Undergraduate biology students are required to learn, understand and apply a variety of cellular and molecular biology concepts and techniques in preparation for biomedical, graduate and professional programs or careers in science. To address this, a simple laboratory module was devised to teach the concepts of cell division, cellular communication and cancer through the application of animal cell culture techniques. Here the mouse mammary tumor (MMT) cell line is used to model for breast cancer. Students learn to grow and characterize these animal cells in culture and test the effects of traditional and non-traditional chemotherapy agents on cell proliferation. Specifically, students determine the optimal cell concentration for plating and growing cells, learn how to prepare and dilute drug solutions, identify the best dosage and treatment time course of the antiproliferative agents, and ascertain the rate of cell death in response to various treatments. The module employs both a standard cell counting technique using a hemocytometer and a novel cell counting method using microscopy software. The experimental procedure lends to open-ended inquiry as students can modify critical steps of the protocol, including testing homeopathic agents and over-the-counter drugs. In short, this lab module requires students to use the scientific process to apply their knowledge of the cell cycle, cellular signaling pathways, cancer and modes of treatment, all while developing an array of laboratory skills including cell culture and analysis of experimental data not routinely taught in the undergraduate classroom.

Introduction

Often in undergraduate general biology courses, the topics of cell cycle regulation and cancer are touched upon but not explored in detail because the breadth of content in these courses leaves little time for depth. In addition, undergraduate biology students are not typically exposed to the advanced techniques associated with animal cell culture. To help students develop a deeper understanding of these concepts, while applying and analyzing what they have learned, a laboratory activity was developed as a modification of the Walter Reed Army Institute of Research (WRAIR) extended laboratory activity¹. The lab module uses a step-wise, experimental strategy that includes growing and characterizing a cancer cell model, developing and executing cell counting methods, establishing optimal time course and dosages for treating cells with anti-proliferative agents, and identifying aberrant cell-signaling pathways. The experiment also allows for open-ended inquiry.

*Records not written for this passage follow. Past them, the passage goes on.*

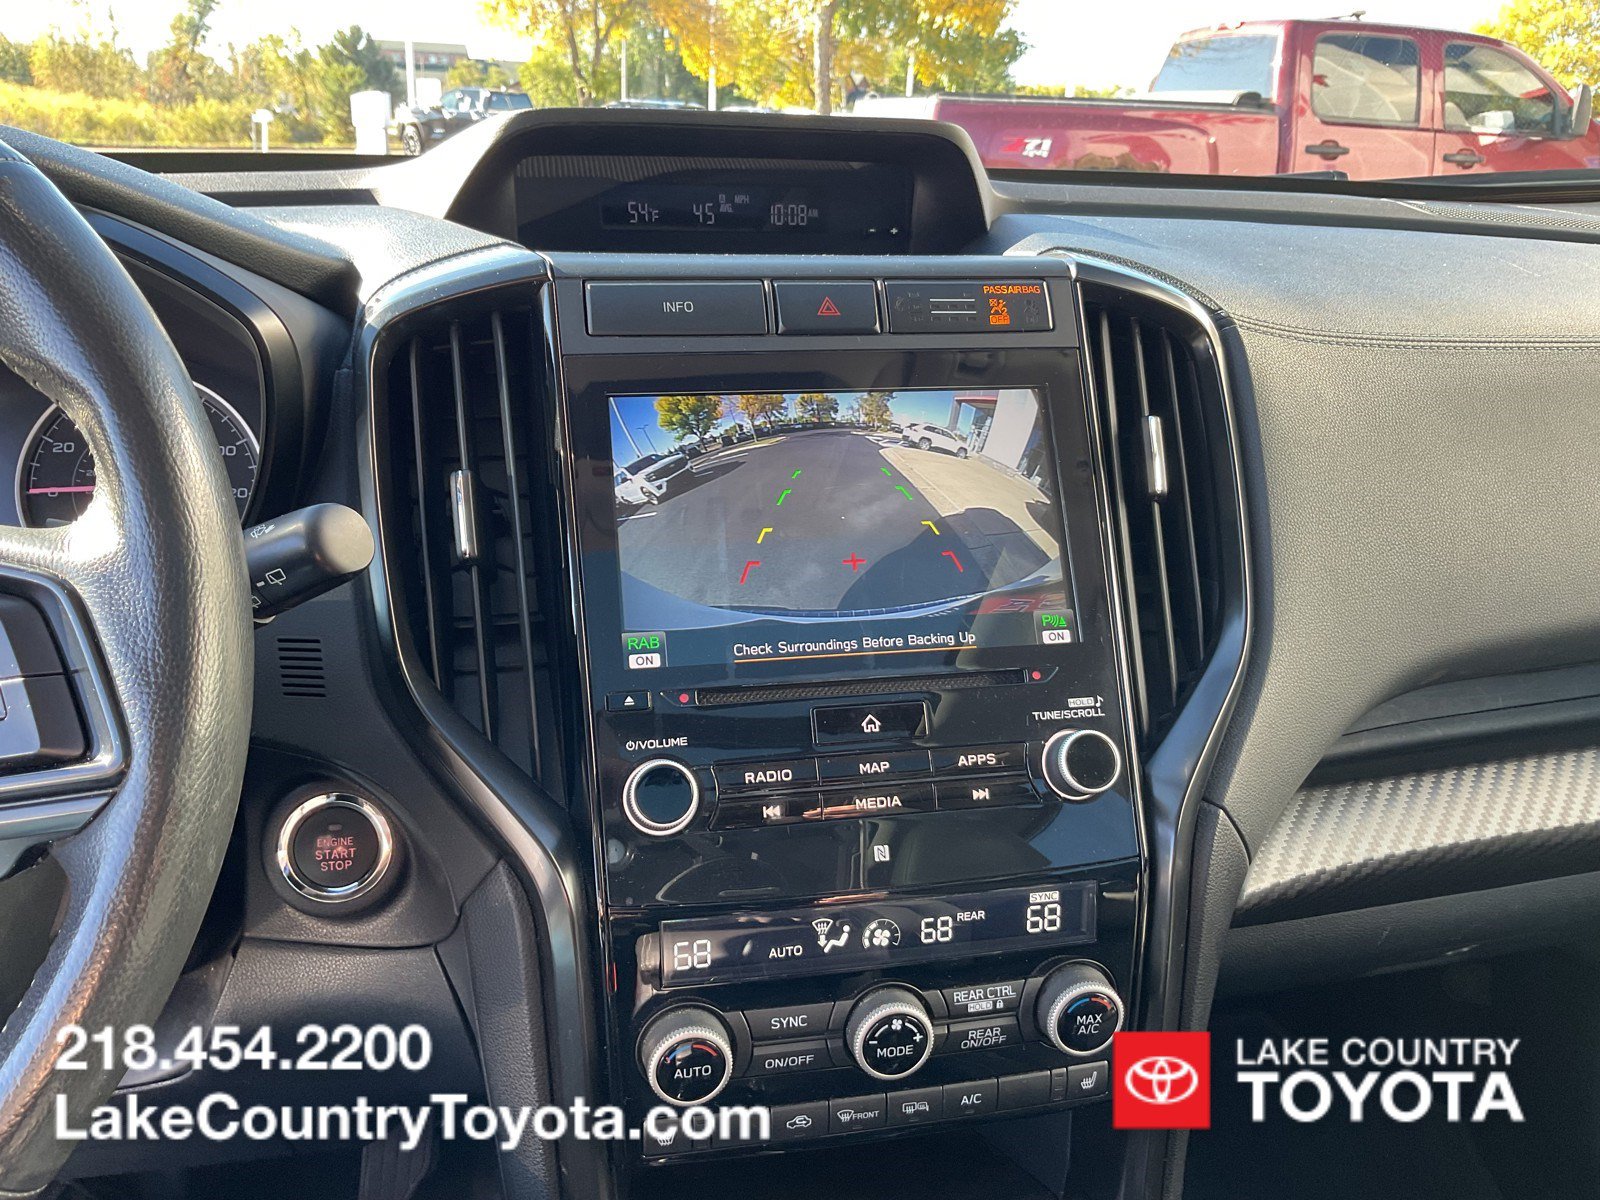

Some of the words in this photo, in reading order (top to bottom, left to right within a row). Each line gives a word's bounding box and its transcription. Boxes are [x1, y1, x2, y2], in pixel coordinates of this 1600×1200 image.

[734, 194, 750, 204] MPH
[693, 203, 715, 225] 45
[770, 204, 807, 226] 10:08
[662, 301, 694, 313] INFO
[52, 442, 75, 453] 20
[627, 636, 660, 650] RAB
[733, 643, 773, 656] Check
[777, 639, 858, 654] Surroundings
[862, 635, 904, 649] Before
[907, 633, 955, 647] Backing
[958, 631, 977, 644] Up
[1048, 632, 1065, 642] ON
[635, 655, 654, 666] ON
[1069, 698, 1094, 707] HOLD
[1032, 708, 1106, 722] TUNE/SCROLL
[957, 753, 997, 767] APPS
[859, 761, 891, 775] MAP
[744, 769, 793, 784] RADIO
[855, 795, 902, 810] MEDIA
[317, 837, 354, 847] ENGINE
[315, 848, 356, 860] START
[320, 860, 353, 871] STOP
[1030, 891, 1059, 902] SYNC
[956, 909, 986, 922] REAR
[1026, 904, 1062, 933] 68
[920, 916, 954, 943] 68
[673, 939, 713, 971] 68
[768, 944, 804, 959] AUTO
[953, 989, 984, 1003] REAR
[986, 985, 1017, 999] CTRL
[968, 1001, 992, 1012] HOLD
[770, 1014, 808, 1030] SYNC
[1076, 1013, 1103, 1026] MAX
[968, 1027, 1001, 1040] REAR
[1077, 1022, 1100, 1035] A/C
[960, 1034, 1007, 1050] ON/OFF
[876, 1043, 914, 1058] MODE
[764, 1054, 815, 1069] ON/OFF
[673, 1063, 712, 1079] AUTO
[960, 1093, 982, 1105] A/C
[852, 1110, 880, 1121] FRONT

Most of the techniques required for this activity can be accomplished in a typical biology-teaching laboratory. The activity starts with students characterizing the morphology and growth rate of the mouse mammary tumor (MMT) cell line, a model for human breast cancer² . Breast cancer was chosen as the model cancer because of its prevalence in the population, its familiarity to college-aged students, and the widespread data available. The MMT cell line was specifically selected because it is easily obtainable, well characterized, has a short doubling time and is easy to grow. In addition, MMT cells are estrogen-dependent which is consistent with most female breast cancers. Students then identify aberrant cell-signaling pathways in the MMT cells by treating the cells with chemotherapy drugs whose mechanism of action is well established.The concentration of the drugs and length of the treatments are varied allowing students to evaluate the effect of these variables on the rate of cell division. The key assay for this activity is the determination of cell viability, which simply requires cell counting, using one of two methods. Each method depends on strong microscopy skills. Students determine cell viability by using a standard, hemocytometer method and a novel photomicroscopy method and propose. Based on their findings, they can propose and test modifications to the activity. Students then represent their data and interpret the results to refine their hypothesis and devise new experimental strategies.

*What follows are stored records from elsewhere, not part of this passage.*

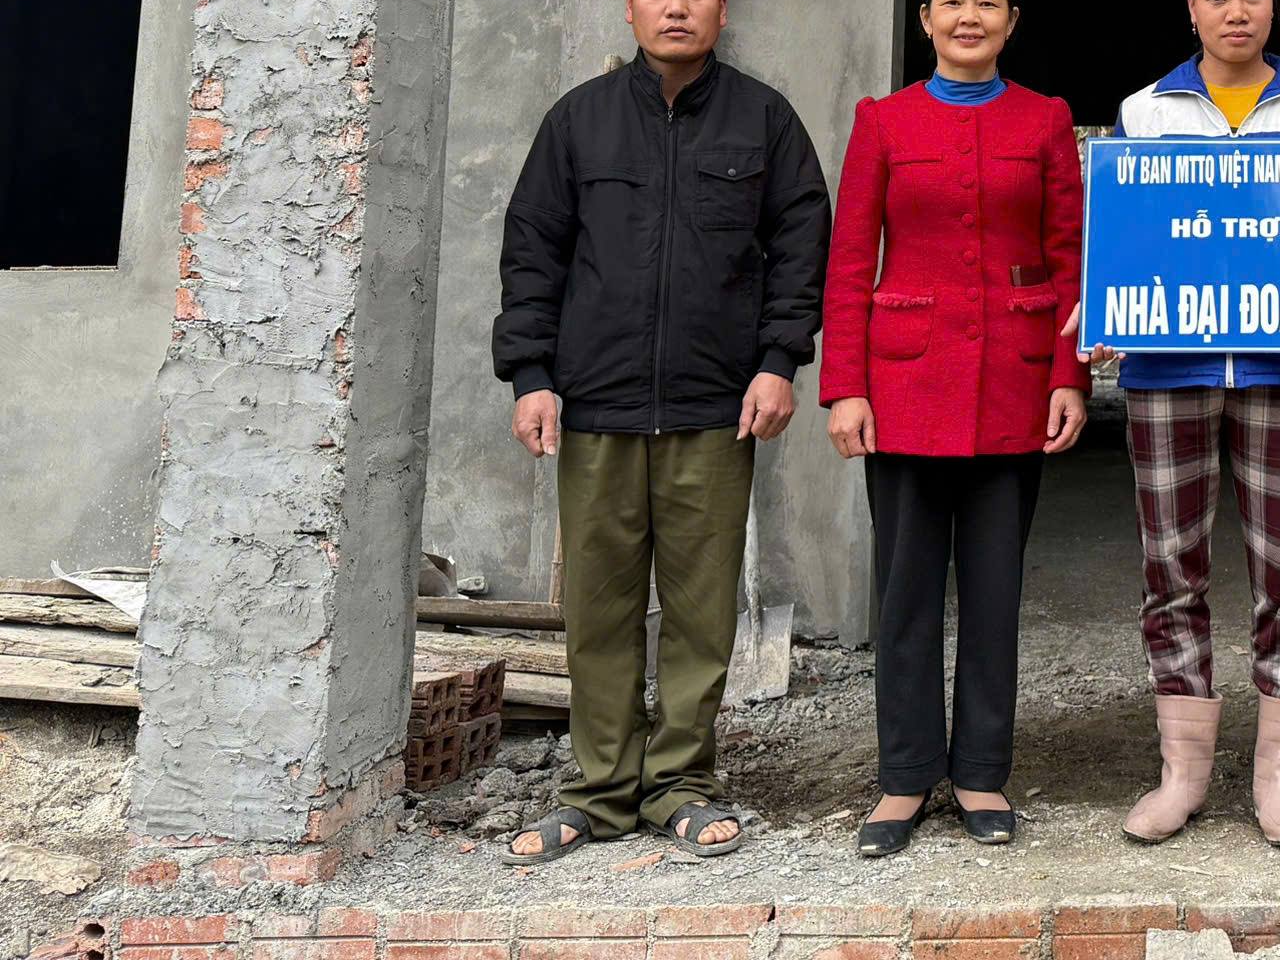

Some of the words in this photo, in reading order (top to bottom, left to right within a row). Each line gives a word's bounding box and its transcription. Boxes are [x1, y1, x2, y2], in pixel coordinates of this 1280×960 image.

[1117, 147, 1136, 185] ỦY
[1140, 155, 1171, 184] BAN
[1175, 155, 1214, 186] MTTQ
[1219, 149, 1250, 188] VIỆT
[1171, 209, 1212, 239] HỖ
[1221, 216, 1280, 242] TRỢ
[1104, 275, 1169, 336] NHÀ
[1177, 284, 1229, 343] ĐẠI

This laboratory activity is suited for freshman or sophomore level students majoring in the biological sciences. It is condensed into a one-week lab module that can be completed in a first year, general biology or second year, cellular/molecular biology course. Skills needed for proper completion of the activity include basic arithmetic and algebra, familiarity with an array of core laboratory skills (e.g., pipetting, solution making, sterile technique), data analysis, basic light microscopy and time management, along with instructor knowledge of cell culture and spreadsheet software. Reagents required include an animal cell line model for cancer (e.g., mouse mammary tumor cells, MMT²), chemotherapy agents (e.g., tamoxifen, curcumin, metformin, and aspirin), trypan blue and cell culture media (e.g., Eagle's Minimum Essential Medium; EMEM) with appropriate supplements (e.g., donor horse and fetal bovine serum). Instruments needed include an inverted light microscope with digital camera attachment, computer, 100 mm and 24 well tissue culture plates, CO₂ incubator (or equivalent), biosafety cabinet (BSC; Class II), hemocytometer, and digital microscopy software.

There are good examples of specific lab activities that rely on animal cell culture to teach undergraduate students about concepts in cell biology³. However many require supplies or techniques that are not easily accessible (e.g., radioactive isotopes, live animal tissue, advanced imaging equipment^1,4,5), describe protocols that are quite advanced (e.g., suitable for a 400 level course⁶), or require multi-week or semester long projects^6,7. The lab activity described here is straightforward and can be conducted in a single week with common lab equipment.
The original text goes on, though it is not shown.